++++ RECORDS SUPPLIED

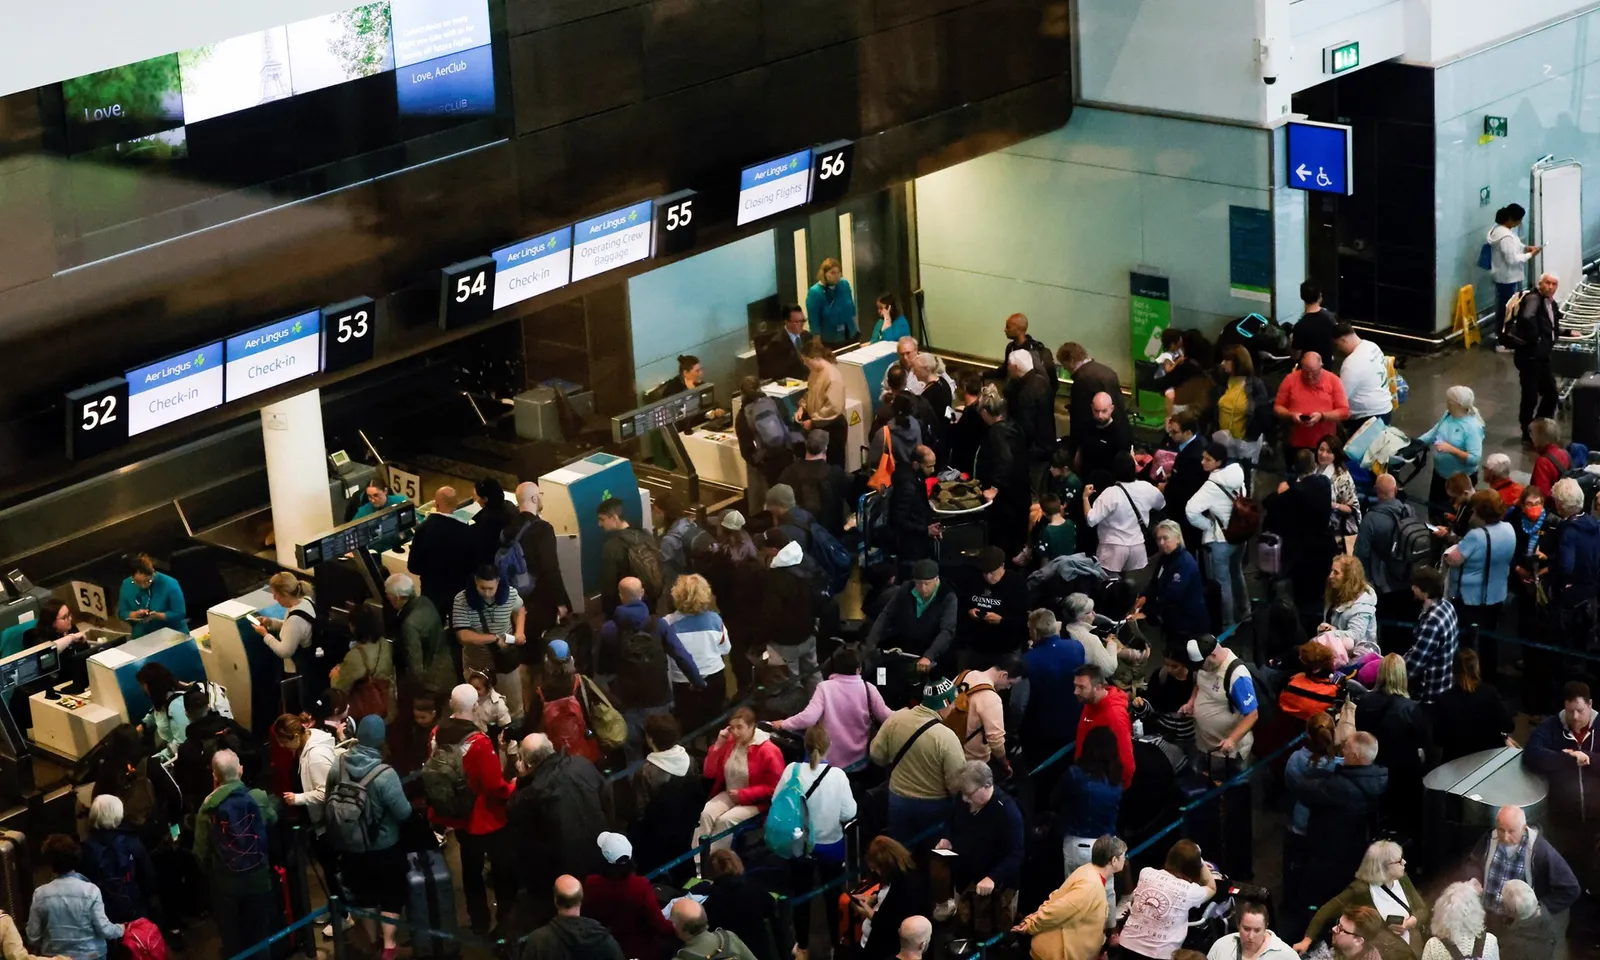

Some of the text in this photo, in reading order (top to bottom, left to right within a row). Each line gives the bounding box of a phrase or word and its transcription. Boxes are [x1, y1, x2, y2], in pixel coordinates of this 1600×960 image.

[411, 60, 467, 84] Love, AerClub
[754, 163, 788, 181] Aer Lingus
[819, 152, 845, 180] 56
[744, 183, 802, 210] Closing Flights
[589, 214, 626, 235] Aer Lingus
[666, 200, 693, 231] 55
[507, 242, 546, 262] Aer Lingus
[581, 231, 644, 259] Operating Crew
[594, 247, 629, 267] Baggage
[455, 270, 487, 303] 54
[508, 267, 550, 290] Check-in
[244, 327, 289, 350] Aer Lingus
[337, 310, 368, 343] 53
[145, 360, 191, 383] Aer Lingus
[248, 355, 296, 380] Check-in
[81, 395, 116, 430] 52
[148, 387, 199, 414] Check-in
[393, 474, 416, 499] 55
[80, 588, 103, 612] 53
[971, 594, 1002, 606] GUINNESS
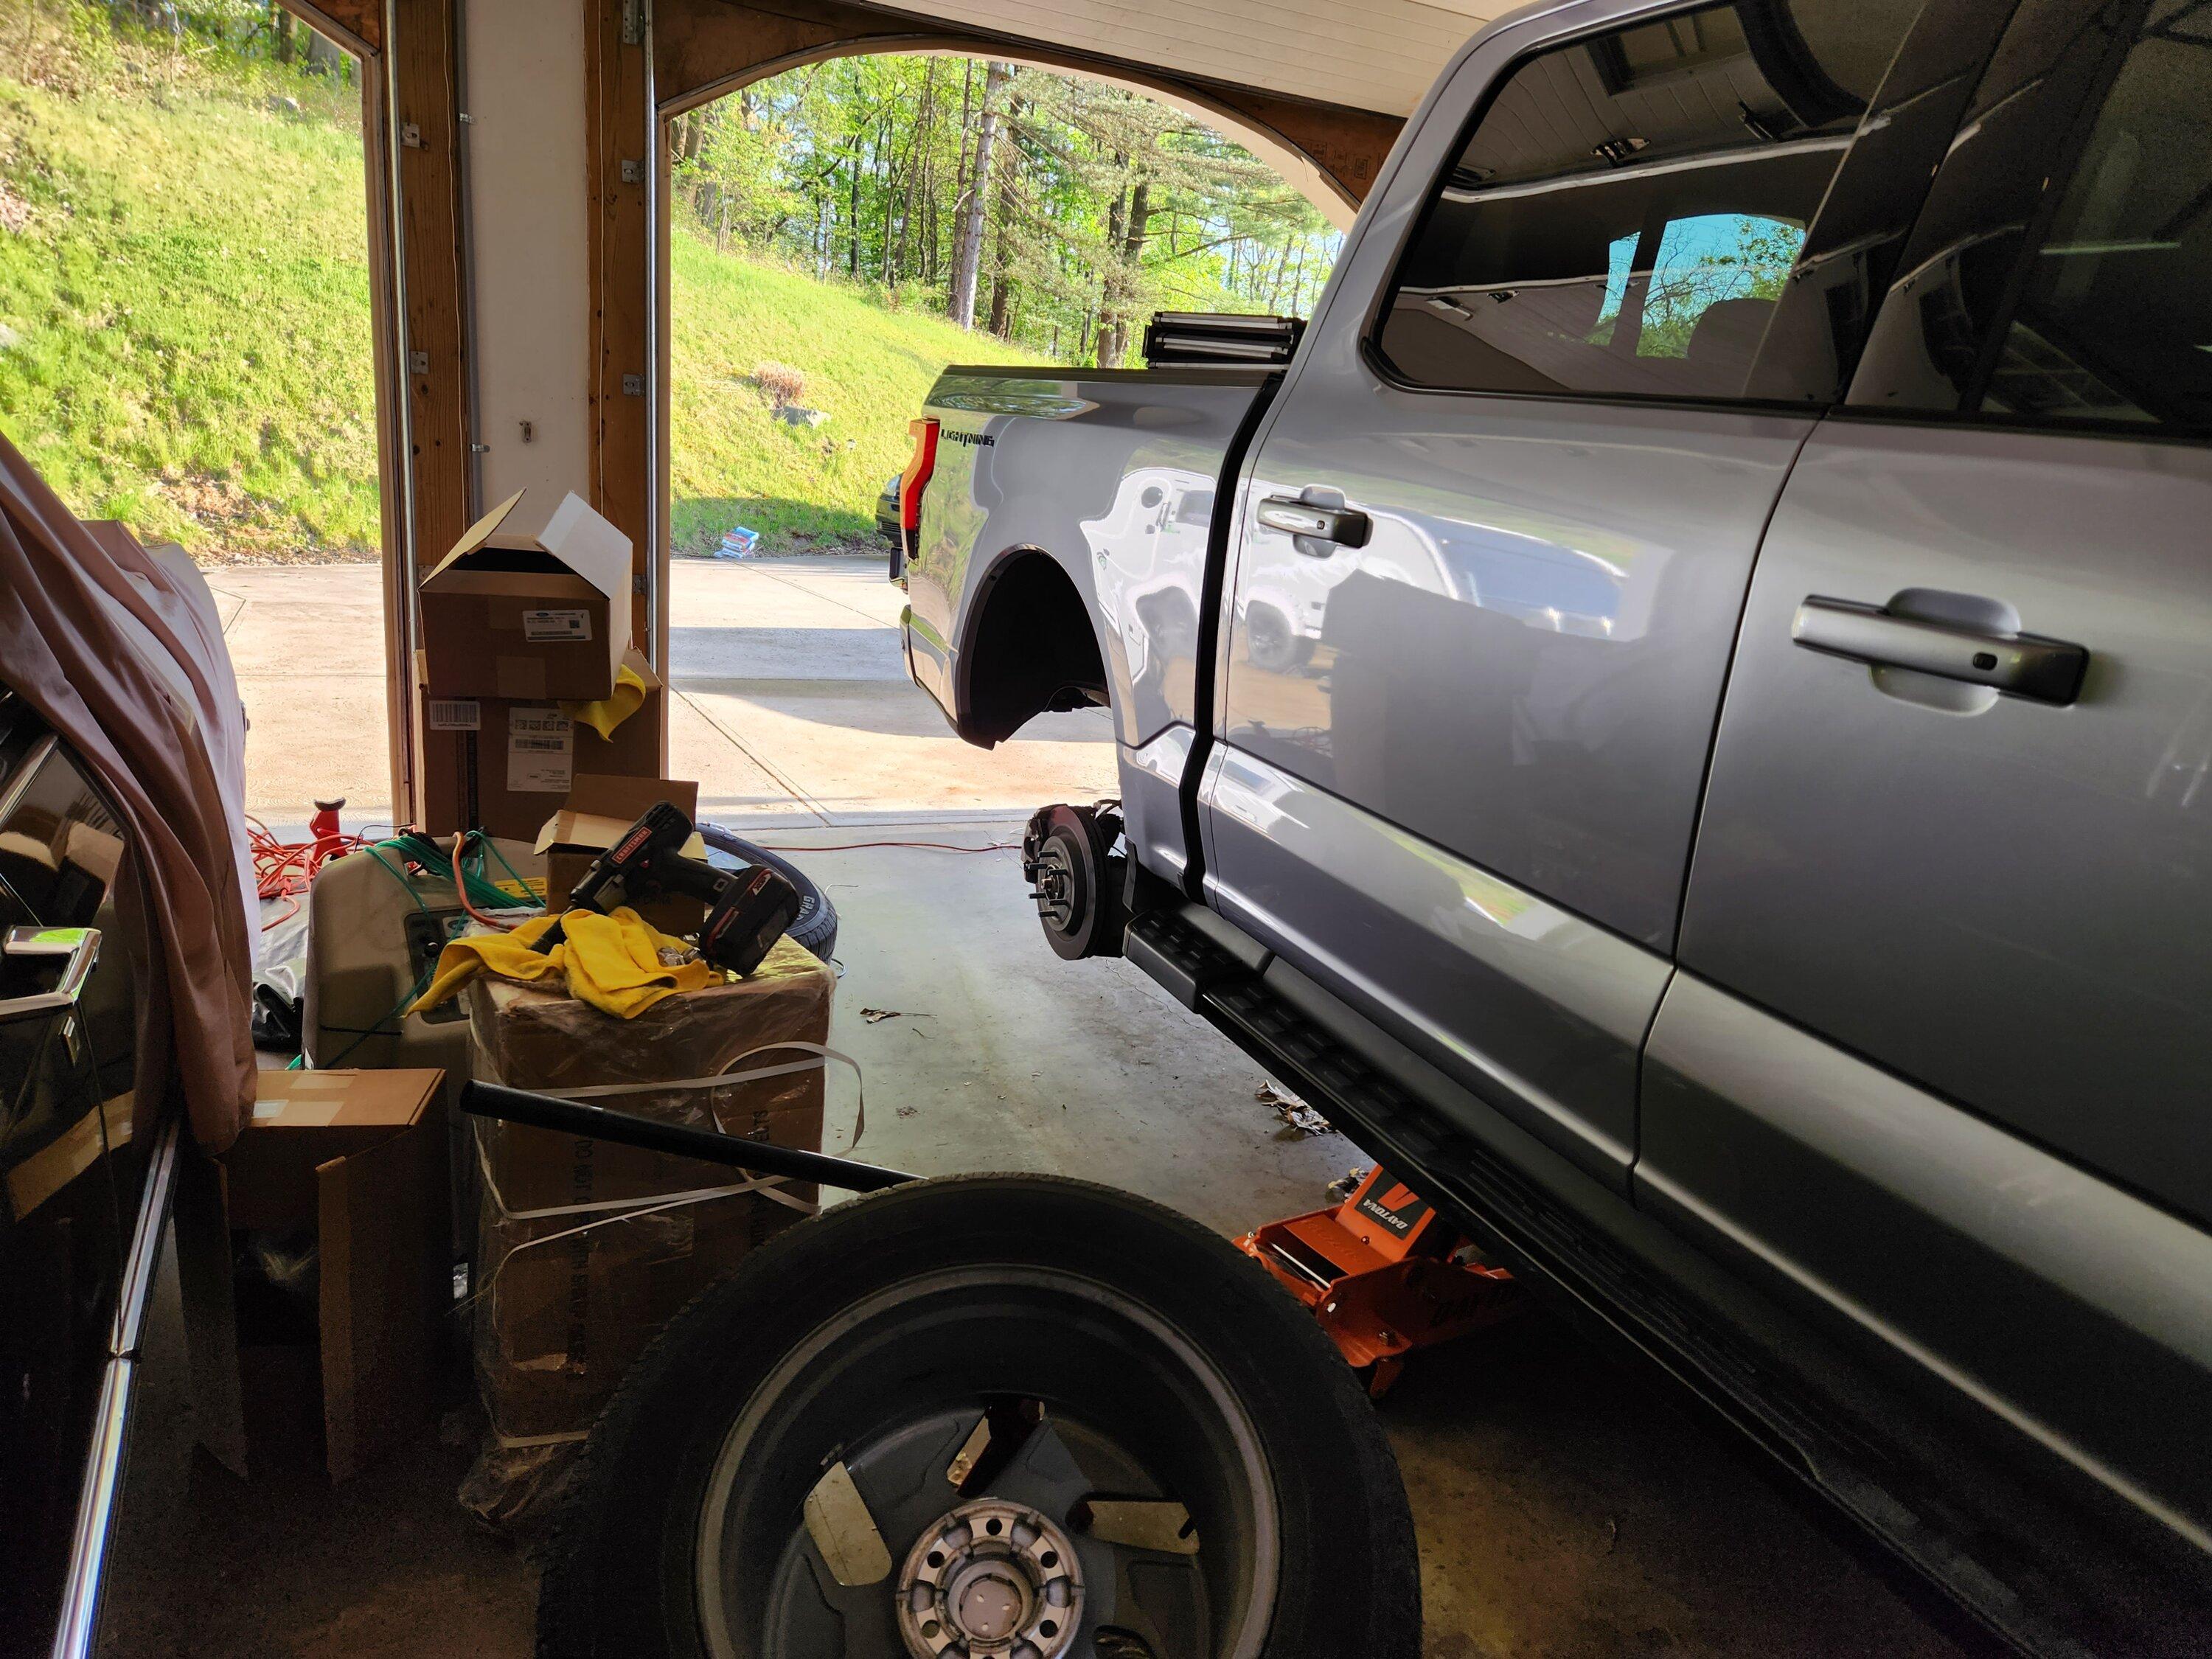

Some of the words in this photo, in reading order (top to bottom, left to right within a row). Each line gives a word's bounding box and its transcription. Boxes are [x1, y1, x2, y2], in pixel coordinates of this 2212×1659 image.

++++++++

Write every line of the data out again exactly, leaving out all images.

Some of the text in this photo, in reading order (top to bottom, left to right within a row). Each line gives the bounding box of a phrase or word and its transcription. Boxes are [x1, y1, x2, y2], in pixel coordinates of this 1600×960 image.

[411, 60, 467, 84] Love, AerClub
[754, 163, 788, 181] Aer Lingus
[819, 152, 845, 180] 56
[744, 183, 802, 210] Closing Flights
[589, 214, 626, 235] Aer Lingus
[666, 200, 693, 231] 55
[507, 242, 546, 262] Aer Lingus
[581, 231, 644, 259] Operating Crew
[594, 247, 629, 267] Baggage
[455, 270, 487, 303] 54
[508, 267, 550, 290] Check-in
[244, 327, 289, 350] Aer Lingus
[337, 310, 368, 343] 53
[145, 360, 191, 383] Aer Lingus
[248, 355, 296, 380] Check-in
[81, 395, 116, 430] 52
[148, 387, 199, 414] Check-in
[393, 474, 416, 499] 55
[80, 588, 103, 612] 53
[971, 594, 1002, 606] GUINNESS

Some of the words in this photo, in reading order (top to bottom, left to right within a row). Each line gives a word's bounding box and its transcription. Boxes are [x1, y1, x2, y2], in pixel coordinates of this 2212×1659 image.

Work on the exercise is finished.